As we all adjust to the reopening of civil departments in this COVID-19 world, I suspect that there will be a flood of ex parte applications as parties try to get their cases back on track. Parties will file applications in an effort to reposition their place on the court’s calendar. Some motions absolutely should be brought on an ex parte basis to protect your client’s rights. Others, maybe not so much. In order to increase the likelihood of success on your ex parte application there are a few basic rules that litigants should keep in mind.
Make the ex parte application your last resort
Before you even consider filing an ex parte application, try to resolve the issue with opposing counsel first. I’ve had countless hearings where counsel for the party against whom ex parte motion is directed will start with, “If they had only asked me, I would have (fill in the blank)” or the opposing counsel may propose an acceptable compromise at the hearing. I appreciate that when attorneys are actually standing before a judge there is an effort by everyone to appear reasonable. Nevertheless, there are few issues that reasonable minds should not be able to resolve. Particularly at this time, civility and cooperation between counsel should be on a heightened level. Meet and confer. Stipulate to what you can. Narrow your issues. Rushing in to seek ex parte relief should always be a last resort.

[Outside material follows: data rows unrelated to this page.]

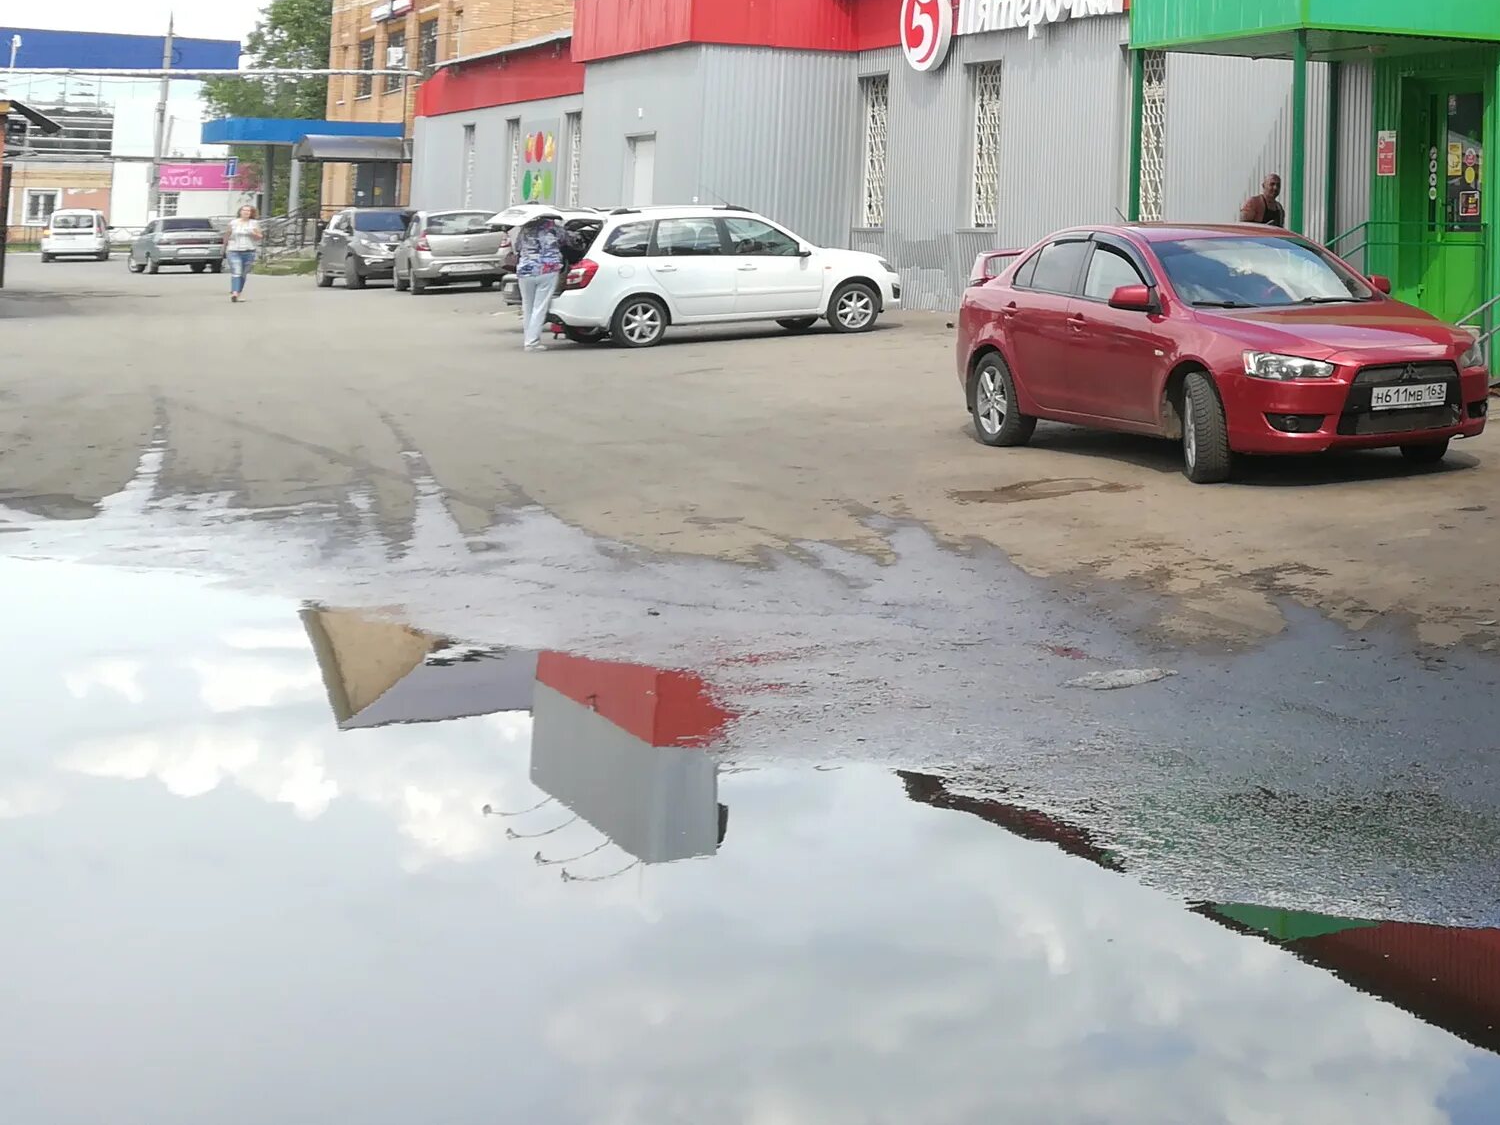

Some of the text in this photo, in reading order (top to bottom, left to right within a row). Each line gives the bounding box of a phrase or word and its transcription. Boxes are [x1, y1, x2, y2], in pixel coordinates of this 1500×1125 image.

[908, 0, 934, 63] 5
[159, 176, 203, 186] AVON
[1426, 384, 1444, 396] 163
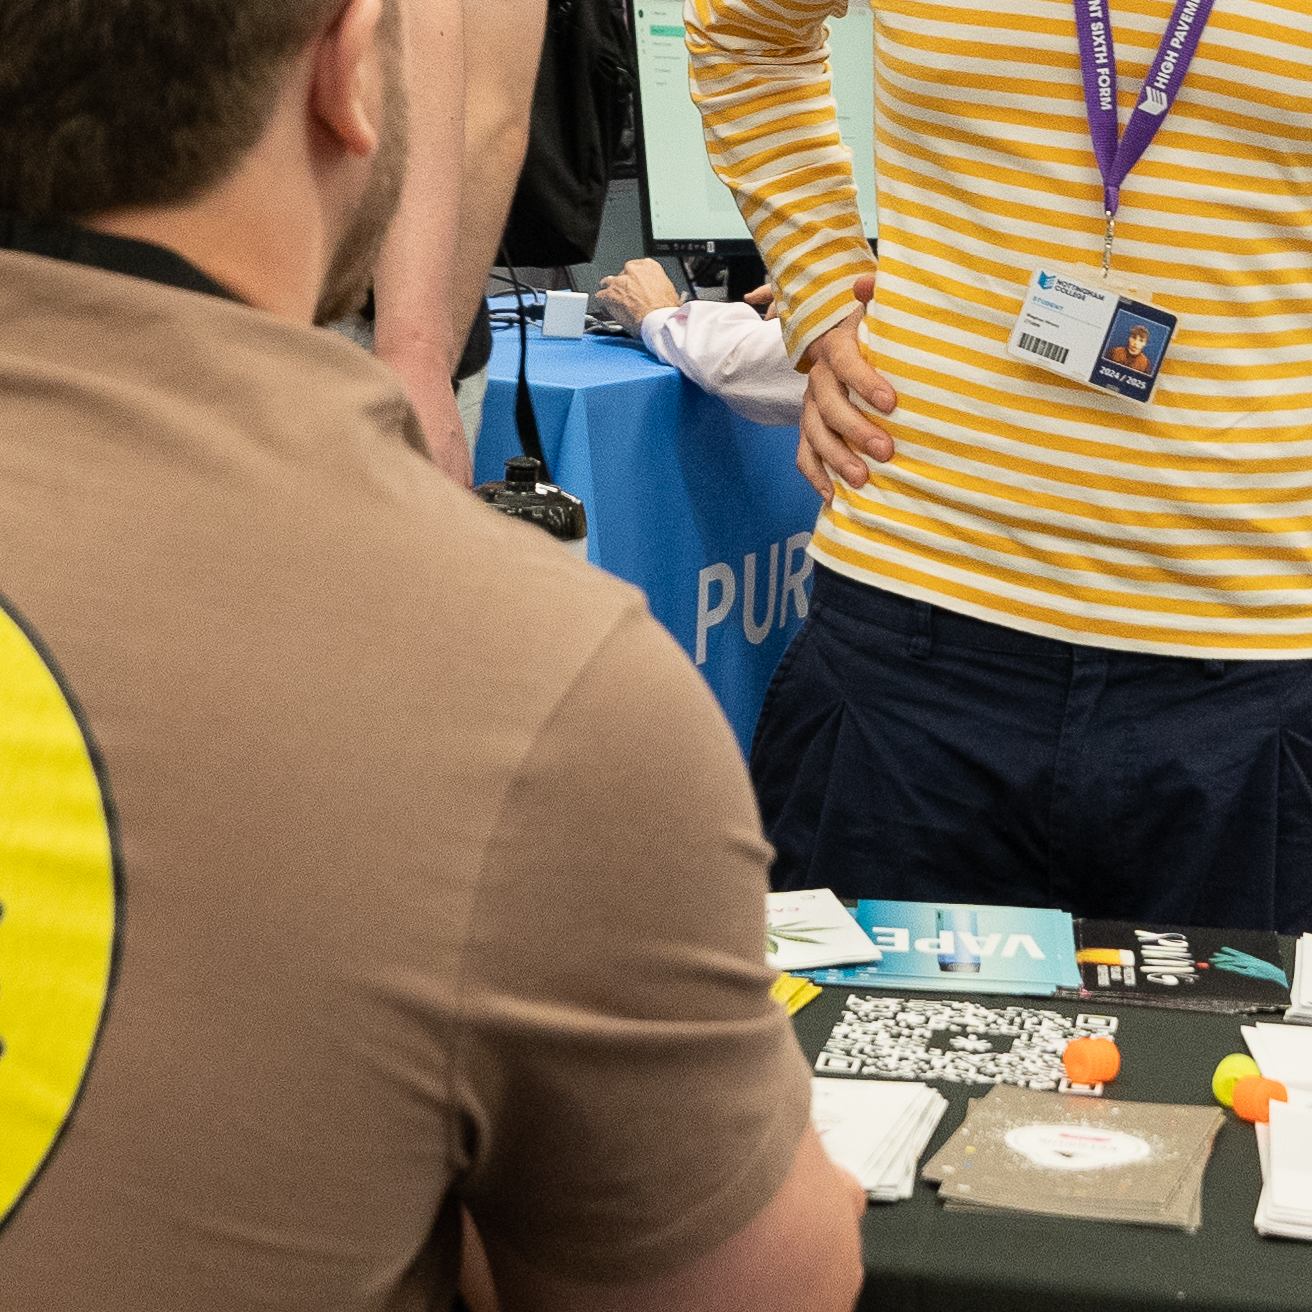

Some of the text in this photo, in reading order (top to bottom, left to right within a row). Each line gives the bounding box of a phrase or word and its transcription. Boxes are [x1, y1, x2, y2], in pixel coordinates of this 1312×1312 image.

[1090, 22, 1109, 65] SIXTH
[1096, 67, 1113, 111] FORM
[1153, 50, 1180, 90] HIGH
[1054, 285, 1086, 301] COLLEGE
[1056, 278, 1105, 302] NOTTINGHAM
[695, 531, 815, 666] PUR
[870, 925, 1046, 960] VAPE

If you are able to obtain an agreement with opposing counsel, you do not need to come in ex parte to obtain the court’s blessing. Just file an executed stipulation with a proposed order. The goal is to reduce the number of appearances and items on the calendar. Don’t come in on an ex parte if you don’t need to.

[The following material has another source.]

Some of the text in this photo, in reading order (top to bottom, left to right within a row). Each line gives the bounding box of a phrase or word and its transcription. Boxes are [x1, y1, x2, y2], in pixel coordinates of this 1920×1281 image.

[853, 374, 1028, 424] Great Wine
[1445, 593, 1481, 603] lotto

Perhaps the most important thing to consider, is whether or not your application should be brought on an ex parte basis at all. There are a number of provisions for which ex parte relief is expressly authorized. These would include matters such as a request to seek appointment of a receiver (California rule of Court 3.1175); to allow the filing of longer memorandum of points and authorities to support or oppose a motion (California rule of Court 3.1113(e)); to request dismissal for failure to timely file an amended complaint after a demurrer has been sustained with leave to amend (Code of Civ. Proc., § 581(f)(2).

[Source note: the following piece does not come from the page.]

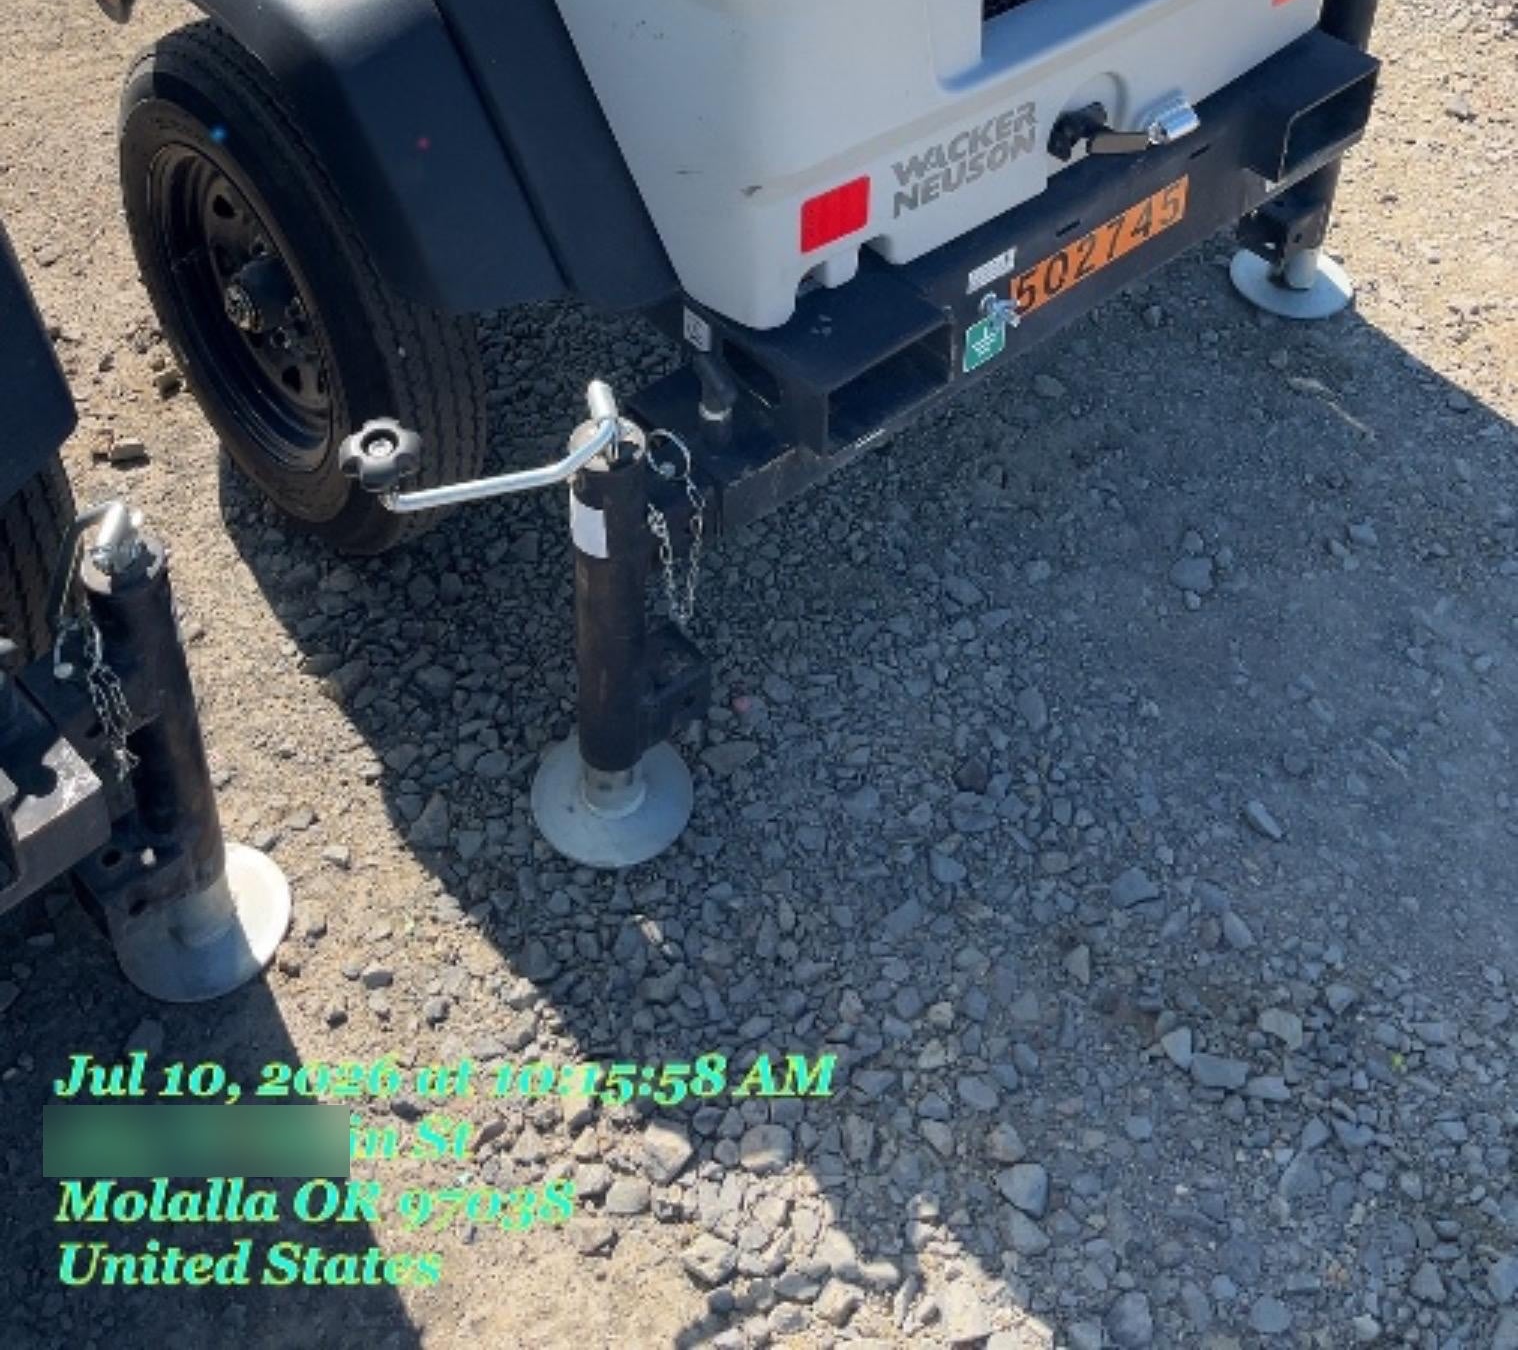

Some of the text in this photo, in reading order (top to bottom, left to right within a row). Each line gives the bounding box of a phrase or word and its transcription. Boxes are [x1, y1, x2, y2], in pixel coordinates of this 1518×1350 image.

[890, 101, 1038, 186] WACKER
[893, 125, 1036, 219] NEUSON
[1013, 195, 1180, 315] 502745

If ex parte relief is not expressly authorized by statute, your application must explain exactly what the exigent circumstances are that make ex parte relief appropriate. In other words, what is the threat of irreparable harm or immediate danger that your client faces? If your request can be addressed in a properly noticed motion, you will need to have some very compelling reasons why your substantive motion should jump to the front of the line and be considered by the court. Otherwise, your application is likely to be denied based upon a lack of exigent circumstances.
So, what constitutes an exigent circumstance? That may mean different things to different people. Severe inconvenience does not equate to an emergency. The fact that the litigation is costing your client a great deal of money will rarely qualify as an exigent circumstance. But, for example, if evidence or property will be destroyed, or a witness permanently unavailable if the court does not act, exigency will likely be found.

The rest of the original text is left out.